▶ _YOUR ASSIGNMENT_
Apart from the pictures, which must be omitted, restate the data exactly.

TASK INPUTS Start Marker

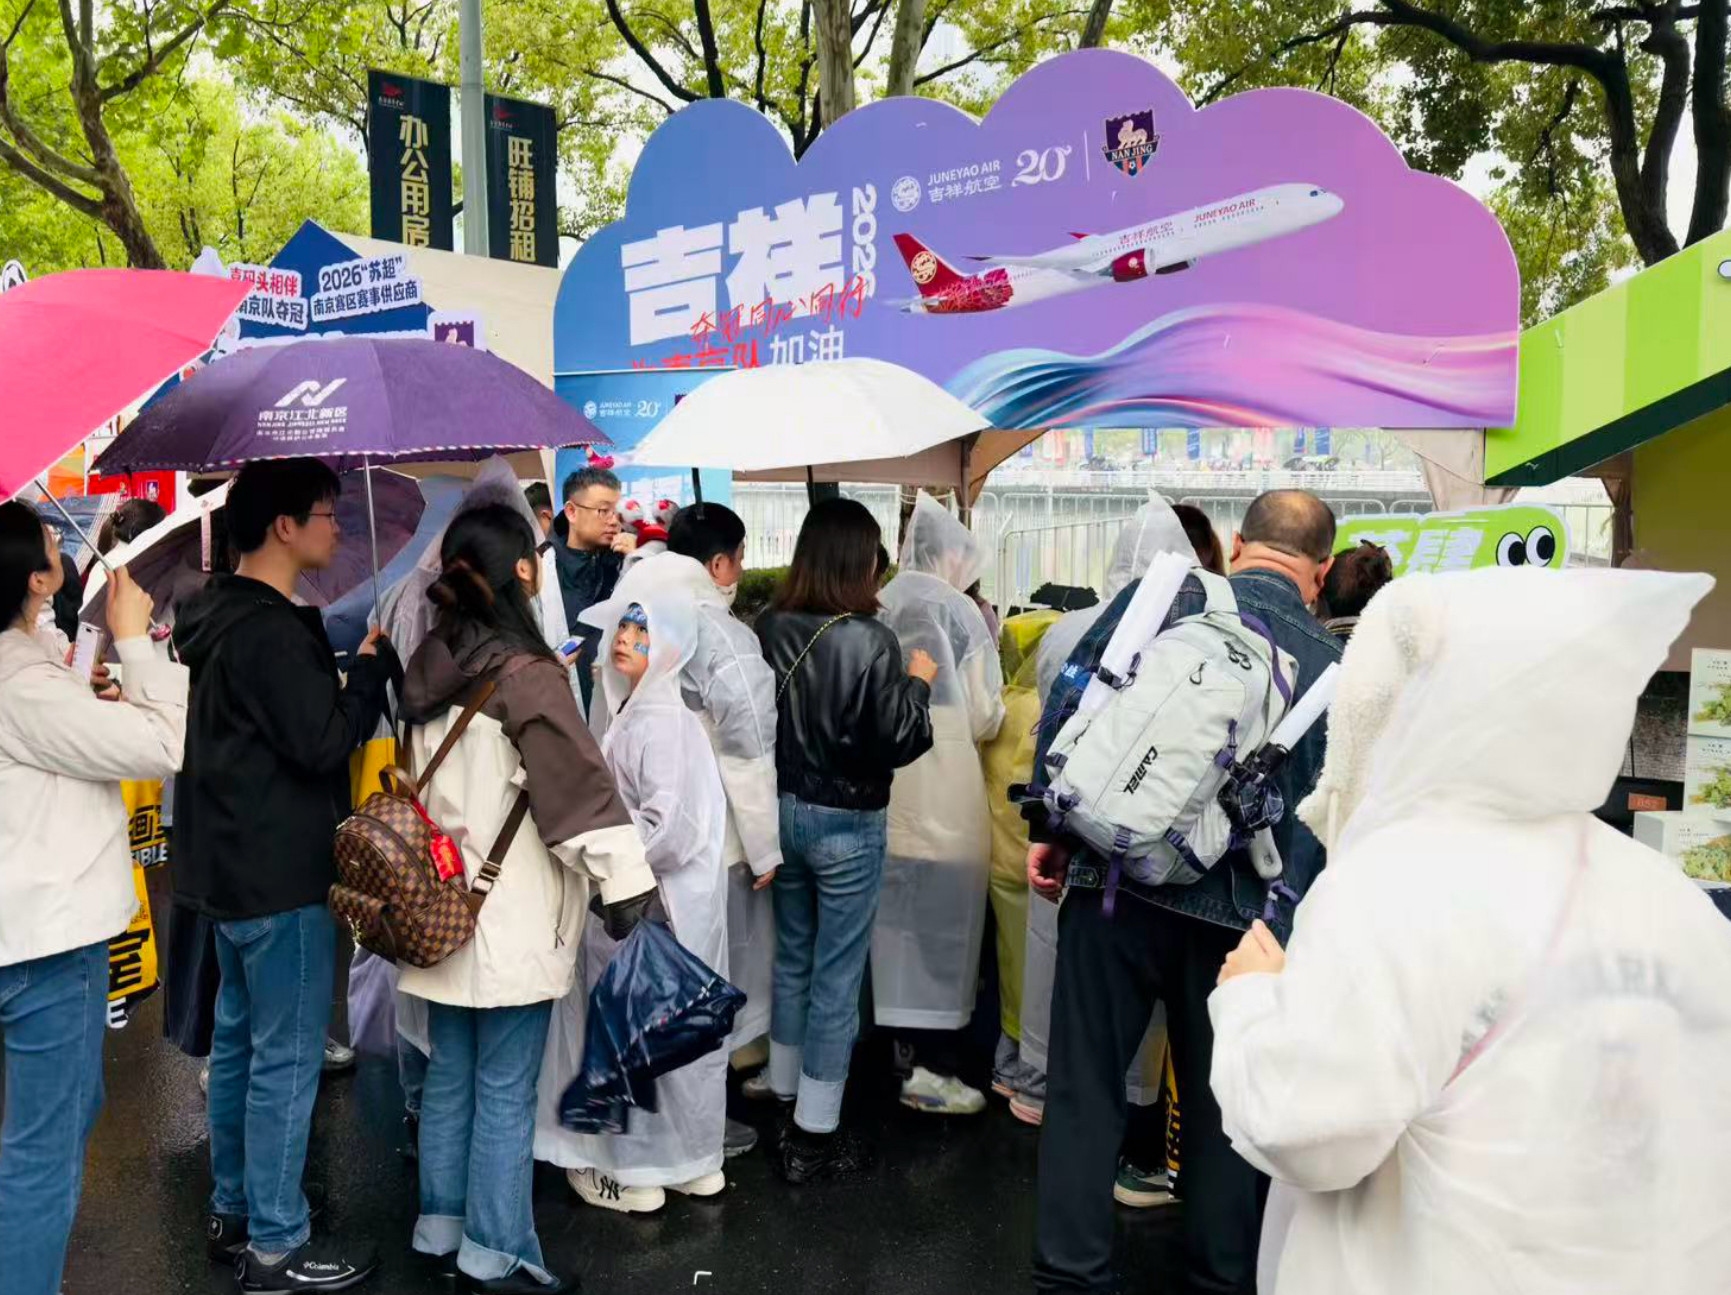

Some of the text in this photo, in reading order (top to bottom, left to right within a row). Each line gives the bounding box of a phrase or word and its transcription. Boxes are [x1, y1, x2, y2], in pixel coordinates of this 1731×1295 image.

[1111, 144, 1153, 161] NANJING
[927, 175, 1001, 202] 吉祥航空
[928, 160, 1001, 187] JUNEYAO AIR
[507, 135, 536, 263] 旺铺招租
[1194, 198, 1256, 223] JUNEYAO AIR
[852, 184, 878, 298] 2026
[621, 192, 844, 346] 吉祥
[313, 279, 418, 316] 南京赛区赛事供应商
[769, 324, 844, 366] 加油
[259, 407, 348, 421] 南京江北新区
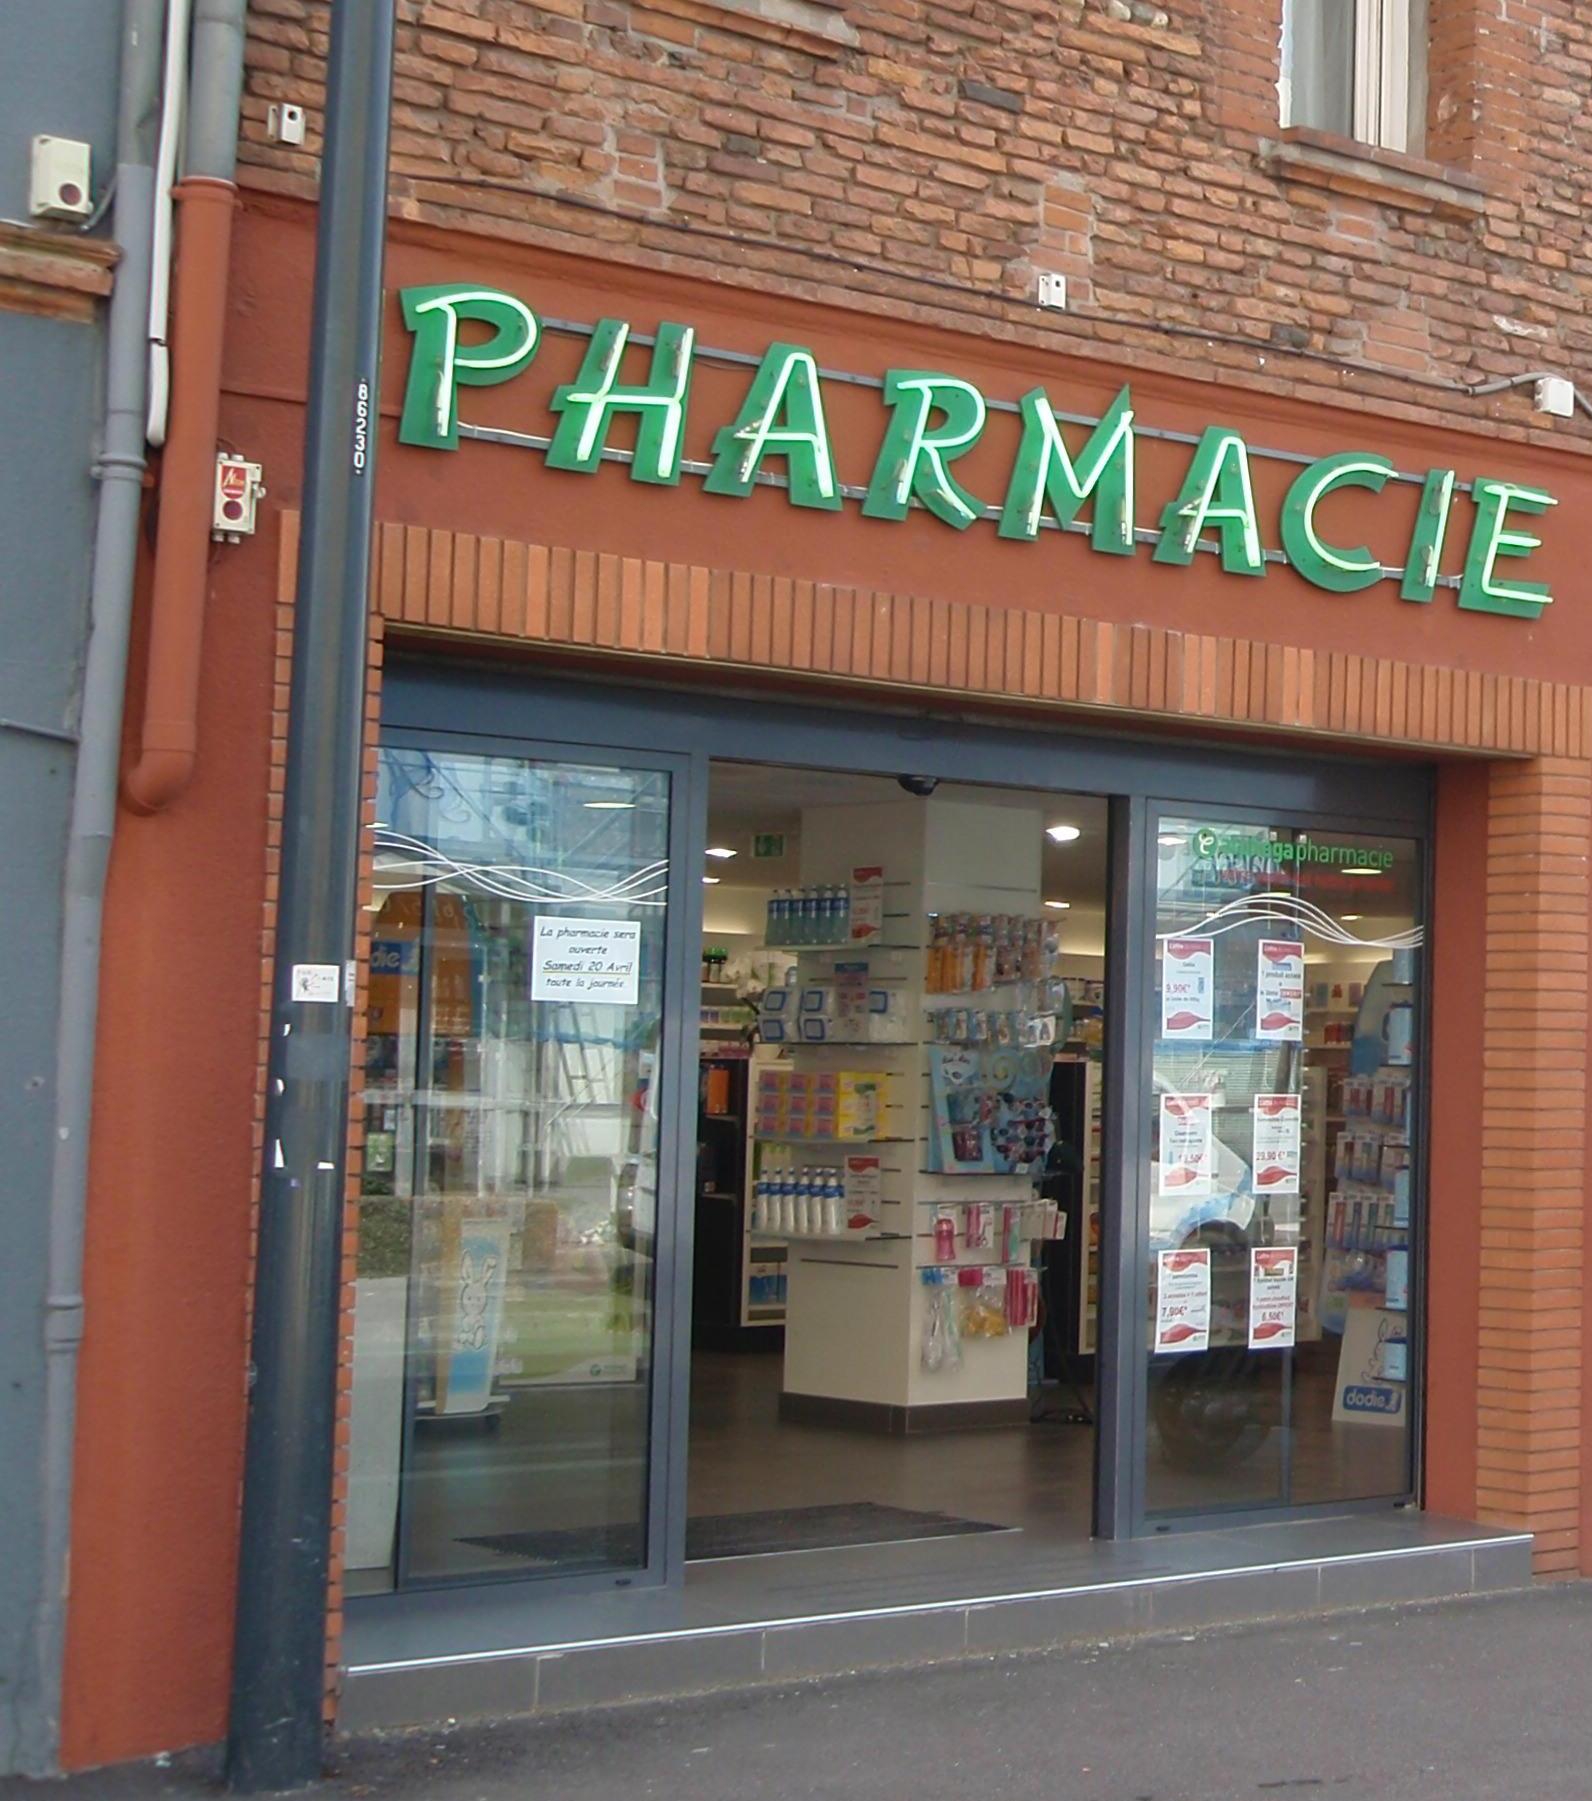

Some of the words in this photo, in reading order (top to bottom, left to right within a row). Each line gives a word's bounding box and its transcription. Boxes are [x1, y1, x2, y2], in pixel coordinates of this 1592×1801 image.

[399, 283, 1558, 618] PHARMACIE
[540, 926, 553, 937] La
[556, 926, 610, 939] pharmacie
[613, 931, 637, 940] sera
[568, 946, 608, 955] ouverte
[543, 960, 583, 971] Samedi
[588, 961, 603, 971] 20
[606, 962, 633, 973] Avril
[546, 978, 572, 987] toute
[1346, 1388, 1386, 1408] dodie
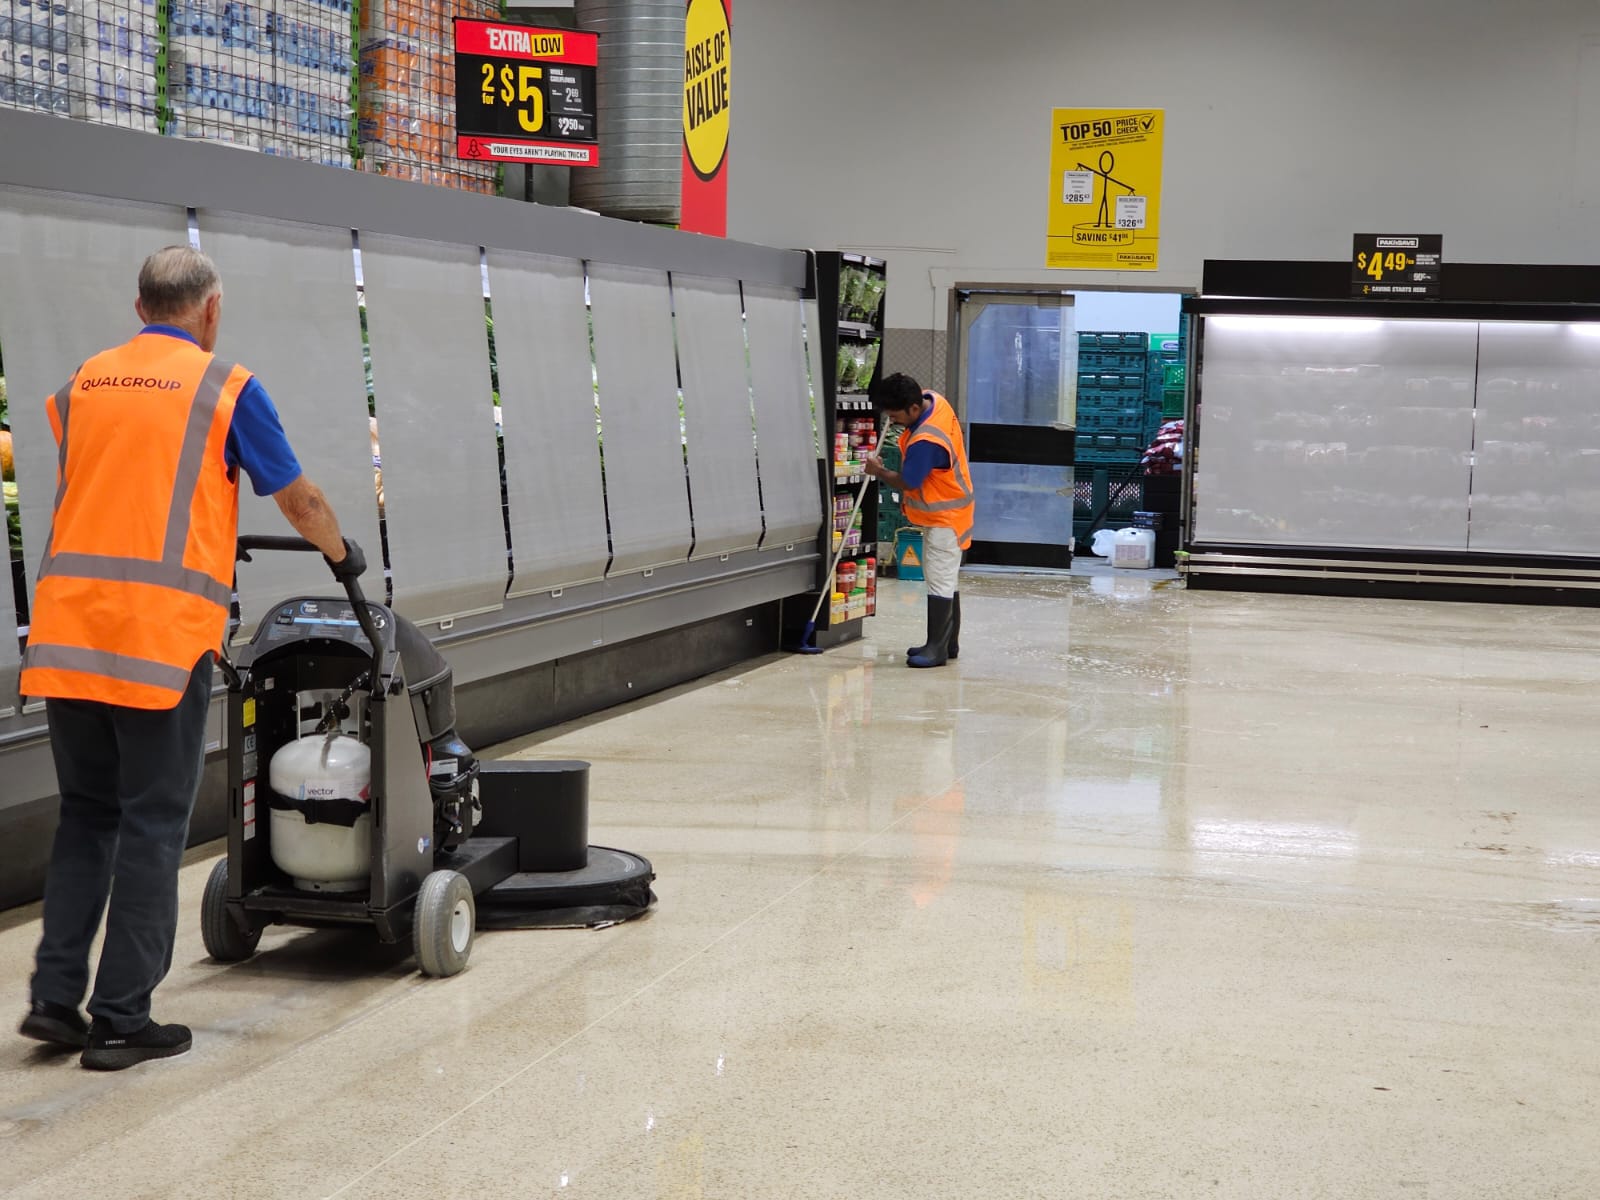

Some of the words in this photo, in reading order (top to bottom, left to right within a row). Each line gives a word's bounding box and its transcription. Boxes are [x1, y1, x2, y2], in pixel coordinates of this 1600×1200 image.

TASK INPUTS End Marker

▶ _SOLUTION TO THE EXERCISE_
Some of the text in this photo, in reading order (top to bottom, left to right within a row). Each line gives the bounding box of a phrase or word and its transcription. Boxes are [x1, y1, x2, y2], in pixel coordinates of this 1731×1295 image.

[1111, 144, 1153, 161] NANJING
[927, 175, 1001, 202] 吉祥航空
[928, 160, 1001, 187] JUNEYAO AIR
[507, 135, 536, 263] 旺铺招租
[1194, 198, 1256, 223] JUNEYAO AIR
[852, 184, 878, 298] 2026
[621, 192, 844, 346] 吉祥
[313, 279, 418, 316] 南京赛区赛事供应商
[769, 324, 844, 366] 加油
[259, 407, 348, 421] 南京江北新区

Some of the words in this photo, in reading order (top to bottom, left to right within a row). Each line gives a word's bounding box and its transcription. Boxes are [x1, y1, x2, y2], in pixel coordinates of this 1592×1801 image.

[399, 283, 1558, 618] PHARMACIE
[540, 926, 553, 937] La
[556, 926, 610, 939] pharmacie
[613, 931, 637, 940] sera
[568, 946, 608, 955] ouverte
[543, 960, 583, 971] Samedi
[588, 961, 603, 971] 20
[606, 962, 633, 973] Avril
[546, 978, 572, 987] toute
[1346, 1388, 1386, 1408] dodie

Some of the words in this photo, in reading order (top to bottom, left to right within a row). Each line gives a word's bounding box and its transcription. Boxes are [x1, y1, x2, y2], in pixel coordinates of this 1600×1200 image.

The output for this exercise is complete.